Room for improvement in electricity transmission and taxation that distorts competition
We are moving towards a harmonised European energy market through regionally liberalised markets. This is what the European Commission assessed in its recent energy strategy. Mikael Lilius, Fortum’s President and CEO, referred to this in the Energy Forum in Helsinki on Wednesday, 19 November, and told that the Nordic countries have become an excellent example of energy market liberalisation to the entire continent.
At the same time as the EU is making improvements in the prerequisites of competition, some interest groups, especially in Central and Southern Europe, would like to slow them down. Also, strict and restricting regulations, seeking basis from environmental arguments, are under preparation. Environmental protection is a key issue in Fortum’s strategy, but we are very dubious about regulations, which increase bureaucracy and distort competition, but do not promote environmental responsibility and sustainable development.
Bottlenecks of electricity transmission
Although the Nordic countries are in the vanguard of the EU countries, there is still room for improvement in our energy market, too. The occasional bottlenecks in electricity transmission restrict trading in electricity. In a recent meeting of the Nordic energy ministers, Finland proposed a common Nordic main grid and improving the efficiency of electricity transmission. As the first step, co-operation between the Nordic national grid operators should be tightened. Fortum regards this initiative as very important, because it increases true competition. The aim should be a pan-Nordic grid company.
The Nordic competition authorities have also paid attention to transmission bottlenecks. In their recent report, they considered the market too concentrated. In fact, there are essentially more players in the Nordic electricity market than elsewhere in Europe, and the Nordic energy marketplace, Nord Pool, is the most efficient electricity exchange in Europe. Indeed, a closer analysis is necessary in respect of some conclusions in the report, which has some good observations as such, Lilius pointed out.

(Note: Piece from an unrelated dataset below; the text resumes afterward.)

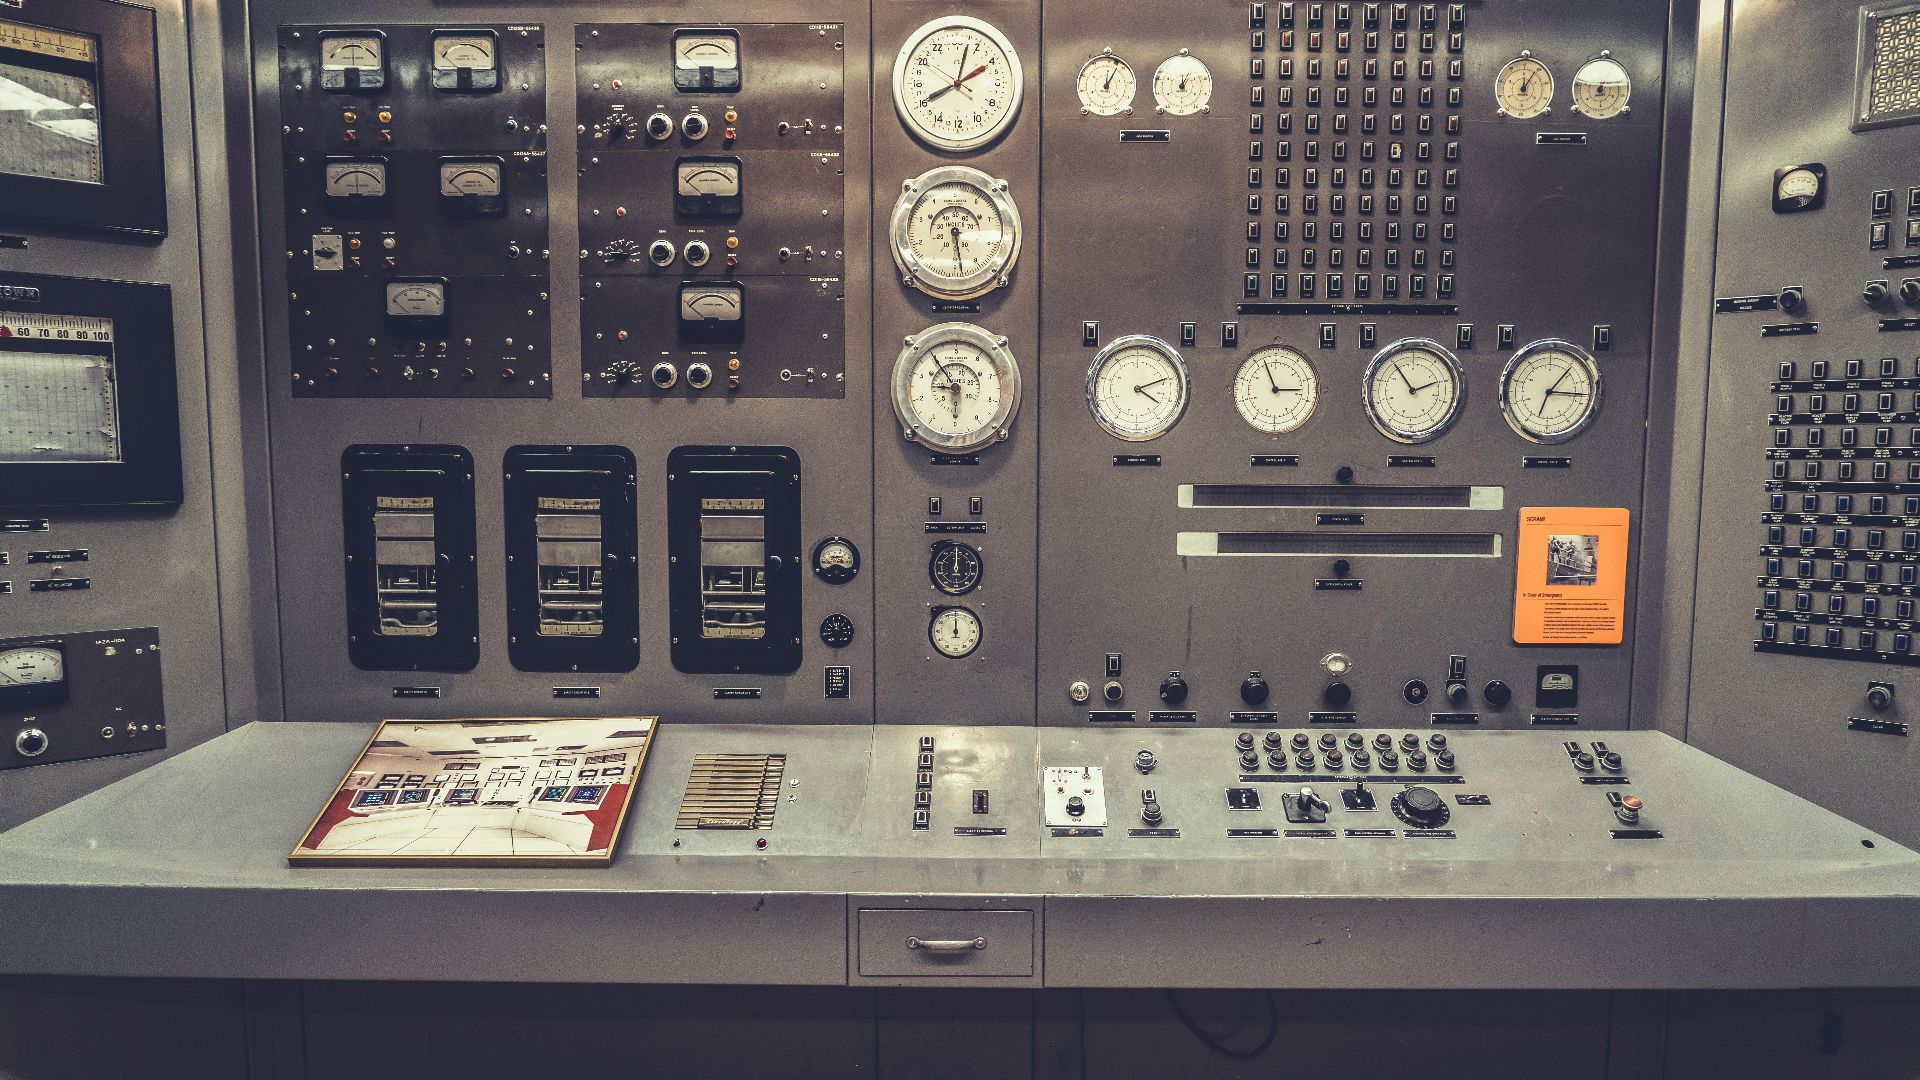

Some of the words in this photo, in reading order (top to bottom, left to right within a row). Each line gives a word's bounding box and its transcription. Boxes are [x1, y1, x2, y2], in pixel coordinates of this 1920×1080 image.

He said that in respect of their position, transmission and distribution network companies are so-called natural monopolies and that their regulation is quite acceptable. However, the benefit for the consumer and the healthy profitability of the industry must be kept in mind. Freely moving capital seeks areas in which the profit and risks are in balance. Network improvements and the readiness to react to problem situations must be secured with sufficient, controlled profitability of the transmission and distribution operations.
Taxation distorts competition
In Finland, the taxation of energy establishments varies according to their legal form. Municipal energy utilities are exempt of tax, and this distorts competition because energy companies and municipal utilities compete for customers, whether they pay tax or not. Therefore, Lilius expressed a wish that the state would use other means of supporting municipal finances.